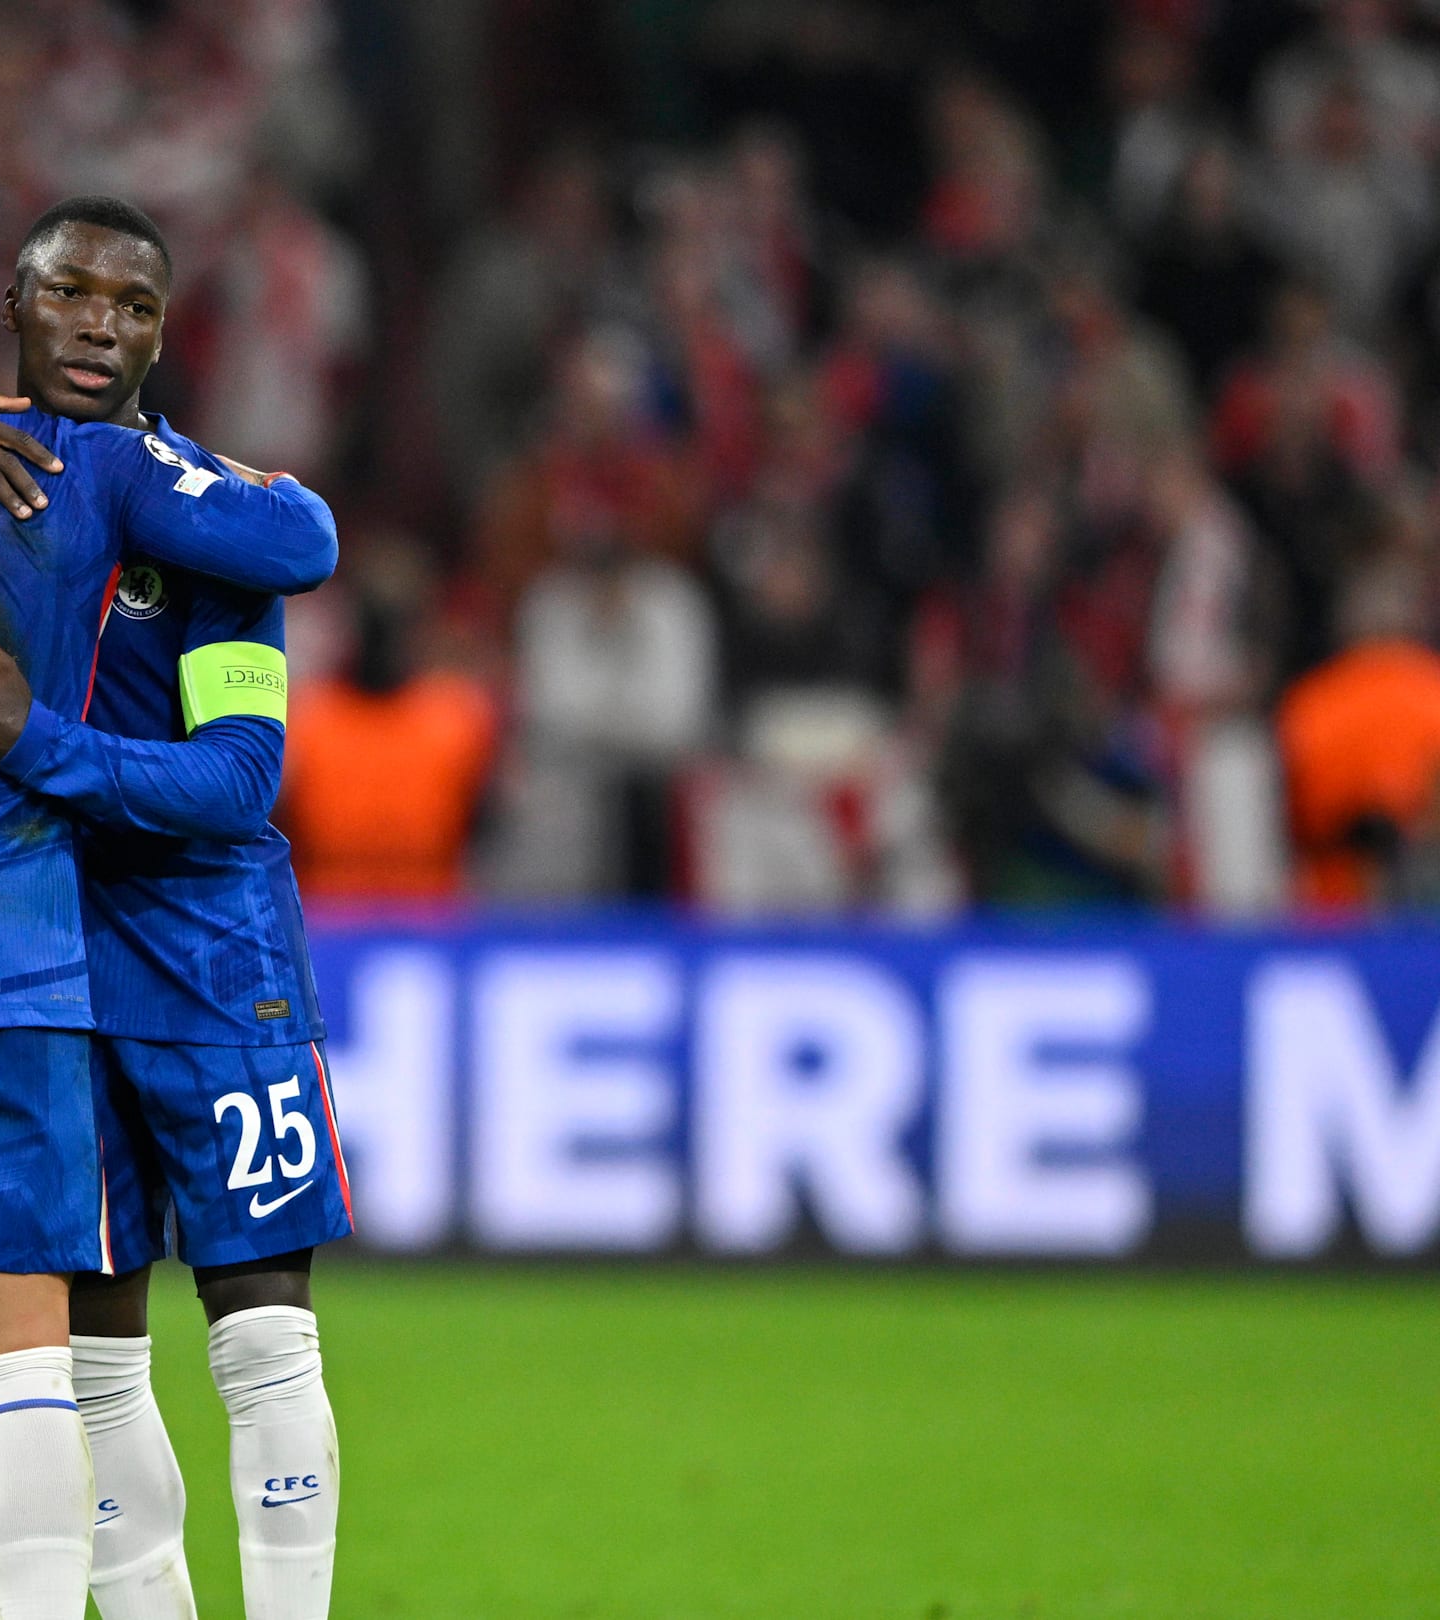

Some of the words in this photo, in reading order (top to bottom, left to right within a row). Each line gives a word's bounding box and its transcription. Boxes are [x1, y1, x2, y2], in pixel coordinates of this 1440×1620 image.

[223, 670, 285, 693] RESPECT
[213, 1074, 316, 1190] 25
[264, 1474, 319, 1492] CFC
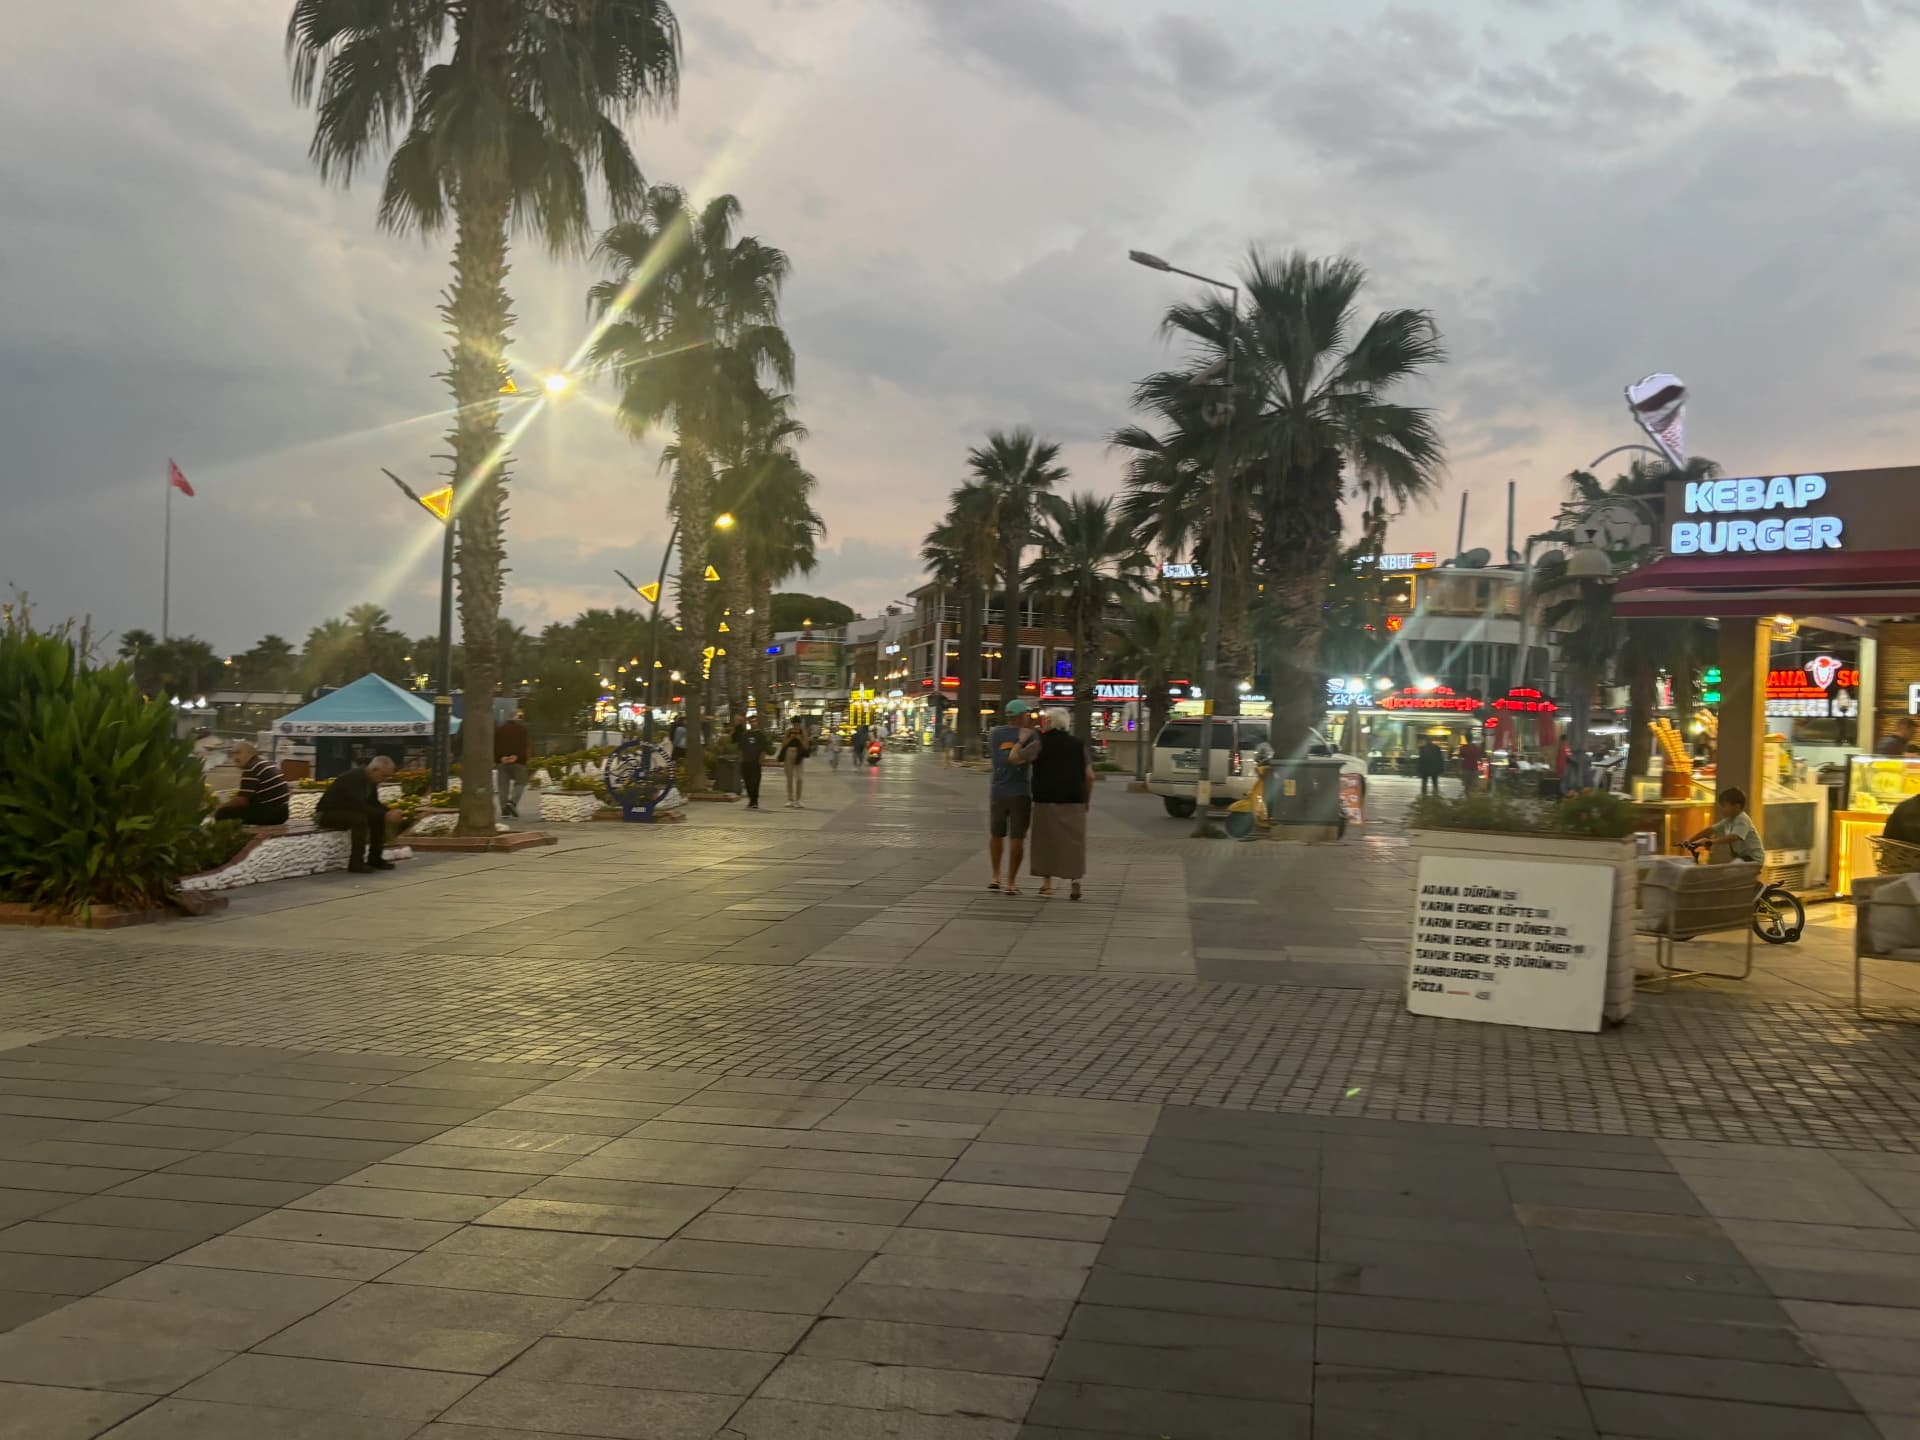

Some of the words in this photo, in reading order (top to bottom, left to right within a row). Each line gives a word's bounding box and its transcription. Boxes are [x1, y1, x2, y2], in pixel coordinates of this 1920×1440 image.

-*-*-

**To do**:
Please reproduce each line of the listing above exactly, skipping pictures.

**Output for this task**:
Some of the words in this photo, in reading order (top to bottom, left to right within a row). Each line gives a word's bounding box and its transcription. Boxes are [x1, y1, x2, y2], in pixel coordinates of this 1440×1620 image.

[223, 670, 285, 693] RESPECT
[213, 1074, 316, 1190] 25
[264, 1474, 319, 1492] CFC

Some of the words in this photo, in reading order (top to bottom, left to right within a row). Each line gives a word's bounding box and its transcription. Boxes are [x1, y1, x2, y2], in pixel coordinates of this 1920×1440 image.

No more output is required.